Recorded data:
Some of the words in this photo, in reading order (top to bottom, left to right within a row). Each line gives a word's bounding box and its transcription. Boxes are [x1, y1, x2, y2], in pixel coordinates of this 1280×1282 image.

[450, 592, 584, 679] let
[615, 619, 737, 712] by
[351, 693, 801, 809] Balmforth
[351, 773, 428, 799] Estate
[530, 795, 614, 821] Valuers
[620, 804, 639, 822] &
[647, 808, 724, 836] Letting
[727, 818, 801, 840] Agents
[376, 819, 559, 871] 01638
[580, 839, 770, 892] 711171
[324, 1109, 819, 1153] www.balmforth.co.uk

What to do
You are asked to copy all of the entries above exactly.

Result
Some of the words in this photo, in reading order (top to bottom, left to right within a row). Each line gives a word's bounding box and its transcription. Boxes are [x1, y1, x2, y2], in pixel coordinates of this 1280×1282 image.

[450, 592, 584, 679] let
[615, 619, 737, 712] by
[351, 693, 801, 809] Balmforth
[351, 773, 428, 799] Estate
[530, 795, 614, 821] Valuers
[620, 804, 639, 822] &
[647, 808, 724, 836] Letting
[727, 818, 801, 840] Agents
[376, 819, 559, 871] 01638
[580, 839, 770, 892] 711171
[324, 1109, 819, 1153] www.balmforth.co.uk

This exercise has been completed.